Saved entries

● ● ●

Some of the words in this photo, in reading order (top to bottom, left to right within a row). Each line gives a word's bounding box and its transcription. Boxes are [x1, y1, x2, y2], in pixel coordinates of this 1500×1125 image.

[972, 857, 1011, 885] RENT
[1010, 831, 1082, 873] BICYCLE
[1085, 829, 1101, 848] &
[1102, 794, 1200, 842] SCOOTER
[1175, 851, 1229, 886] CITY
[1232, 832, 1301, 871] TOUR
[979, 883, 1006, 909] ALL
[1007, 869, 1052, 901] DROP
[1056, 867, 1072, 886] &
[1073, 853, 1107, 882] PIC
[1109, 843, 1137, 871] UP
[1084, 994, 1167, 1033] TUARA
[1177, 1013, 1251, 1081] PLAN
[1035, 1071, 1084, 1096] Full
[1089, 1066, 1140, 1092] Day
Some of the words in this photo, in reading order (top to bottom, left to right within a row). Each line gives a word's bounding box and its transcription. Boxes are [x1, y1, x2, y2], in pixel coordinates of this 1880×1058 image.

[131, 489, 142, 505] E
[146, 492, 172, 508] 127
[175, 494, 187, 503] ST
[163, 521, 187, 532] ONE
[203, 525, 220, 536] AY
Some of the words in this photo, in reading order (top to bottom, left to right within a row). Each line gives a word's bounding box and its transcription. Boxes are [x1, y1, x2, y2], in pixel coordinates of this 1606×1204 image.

● ● ●

The expected output is the lines from the one with "this 1880×1058 image." through the end of the data, exactly as written and nothing more.

Some of the words in this photo, in reading order (top to bottom, left to right within a row). Each line gives a word's bounding box and its transcription. Boxes are [x1, y1, x2, y2], in pixel coordinates of this 1880×1058 image.

[131, 489, 142, 505] E
[146, 492, 172, 508] 127
[175, 494, 187, 503] ST
[163, 521, 187, 532] ONE
[203, 525, 220, 536] AY
Some of the words in this photo, in reading order (top to bottom, left to right within a row). Each line gives a word's bounding box and its transcription. Boxes are [x1, y1, x2, y2], in pixel coordinates of this 1606×1204 image.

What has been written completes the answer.